Having deliberated in private on 28 March 2006,

Delivers the following judgment, which was adopted on that date:


1.  The case originated in an application (no. 49806/99) against the Republic of Moldova lodged with the Court under Article 34 of the Convention for the Protection of Human Rights and Fundamental Freedoms (“the Convention”) by a Moldovan national, Mrs Tatiana Prodan, on 5 January 1999.

2.  In a judgment delivered on 18 May 2004 (“the principal judgment”), the Court held that there had been a violation of the applicant’s rights provided by Article 6 § 1 and Article 1 of Protocol No. 1 to the Convention on the account of non-execution of the judgments of 14 March 1997 and 3 October 2000 (see Prodan v. Moldova, no. 49806/99, ECHR 2004-III (extracts)).

3.  Under Article 41 of the Convention the applicant sought just satisfaction of 98,419.91 euros (EUR).

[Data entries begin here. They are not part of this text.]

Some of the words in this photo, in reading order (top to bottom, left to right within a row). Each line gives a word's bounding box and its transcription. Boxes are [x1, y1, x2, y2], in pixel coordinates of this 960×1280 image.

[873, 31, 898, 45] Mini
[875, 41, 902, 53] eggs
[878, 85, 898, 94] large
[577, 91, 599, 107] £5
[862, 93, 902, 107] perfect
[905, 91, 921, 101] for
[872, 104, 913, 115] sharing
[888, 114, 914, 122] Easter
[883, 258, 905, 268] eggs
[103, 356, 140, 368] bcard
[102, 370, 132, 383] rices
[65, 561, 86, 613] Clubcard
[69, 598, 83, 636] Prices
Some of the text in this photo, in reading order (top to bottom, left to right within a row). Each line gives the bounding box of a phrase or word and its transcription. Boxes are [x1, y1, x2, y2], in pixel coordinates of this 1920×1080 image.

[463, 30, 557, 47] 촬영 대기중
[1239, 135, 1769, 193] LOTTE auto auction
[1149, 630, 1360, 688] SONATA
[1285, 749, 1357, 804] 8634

4.  Since the question of the application of Article 41 of the Convention concerning the continuing failure to restore apartment no. 8 to the applicant was not ready for decision, the Court reserved it and invited the Government and the applicant to submit, within three months, their written observations on that issue and, in particular, to notify the Court of any agreement they might reach.

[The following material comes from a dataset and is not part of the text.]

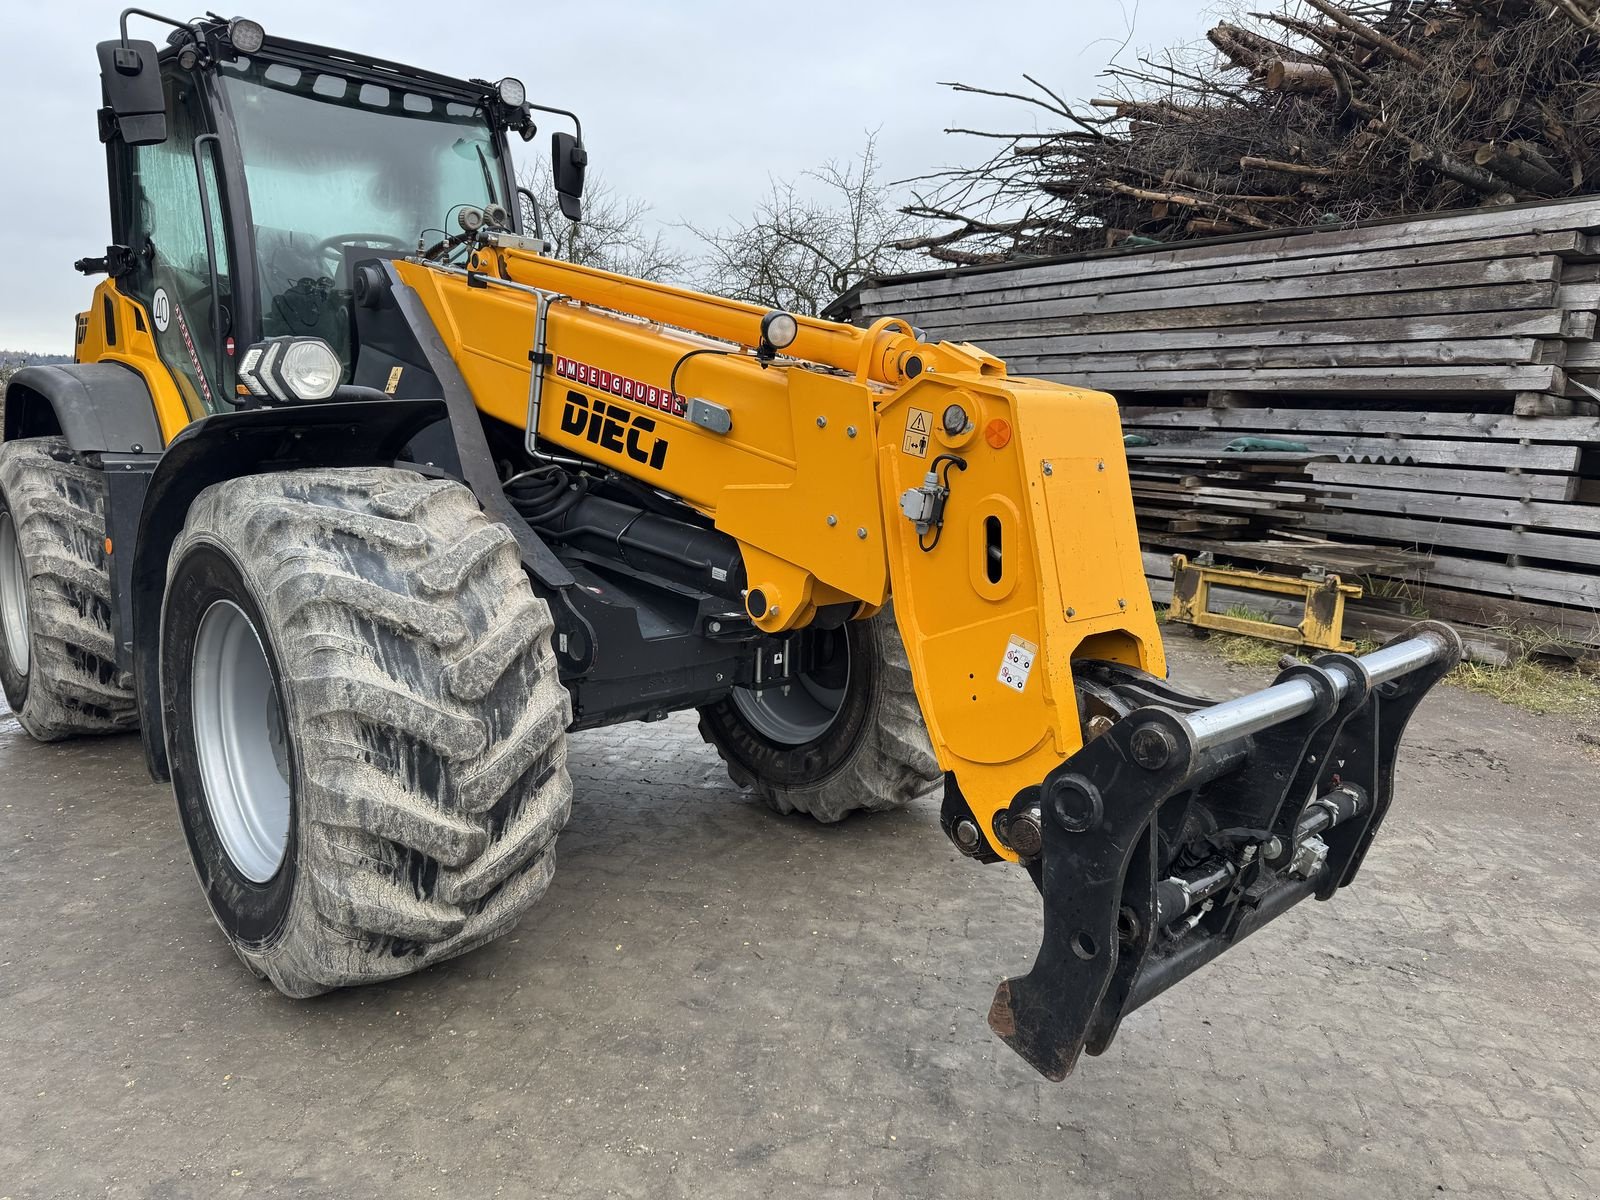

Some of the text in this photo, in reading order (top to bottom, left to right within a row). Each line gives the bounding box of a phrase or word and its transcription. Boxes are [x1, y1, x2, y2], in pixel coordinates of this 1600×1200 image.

[155, 297, 169, 324] 40
[557, 357, 685, 416] AMSELGRUBER
[562, 391, 669, 471] DIECI

5.  On 18 May 2004 the Court adopted the principal judgment in which it made awards under Article 41 to cover the pecuniary (lack of use of property) and non-pecuniary damage suffered by the applicant to that date. The only part left open was the question of restitution of apartment no. 8.

6.  In the meantime, on 6 May 2004, the applicant concluded a friendly settlement agreement with the Chişinău Municipal Council concerning the restitution of apartment no. 8. The parties agreed that in lieu of the apartment, the applicant was to be paid its market value of 510,000 Moldovan lei (the equivalent of EUR 36,470 at the time).

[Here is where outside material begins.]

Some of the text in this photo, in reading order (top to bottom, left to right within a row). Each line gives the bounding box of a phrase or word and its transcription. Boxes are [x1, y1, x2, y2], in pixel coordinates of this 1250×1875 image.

7.  The money was paid to the applicant on 24 May 2004.


8.  In view of the payment of the market value of apartment no. 8 to the applicant, the Government asked the Court to strike the case out of its list of cases.

9.  The applicant disagreed and argued that the friendly settlement concluded with the Chişinău Municipal Council on 6 May 2004 did not constitute an acknowledgment by the Government of a violation and that no pecuniary and non-pecuniary damage was paid to her by the former in respect of apartment no. 8.

10.  The Court notes that in the principal judgment a violation was found also in respect of apartment no. 8. It also notes that the pecuniary and non-pecuniary damage awarded was intended to cover inter alia the loss suffered as a result of lack of use of apartment no. 8 until the date of the principal judgment. Since the applicant was paid the value of that apartment six days later, the Court considers that it is no longer justified to continue the examination of the application under Article 37 § 1 (c) of the Convention. It is satisfied, having regard to the circumstances of the case, that respect for human rights does not require the continued examination of the application. Accordingly, the case should be struck out of the list.


Decides to strike the application out of the list in accordance with Article 37 § 1 (c) of the Convention.

Done in English, and notified in writing on 25 April 2006, pursuant to Rule 77 §§ 2 and 3 of the Rules of Court.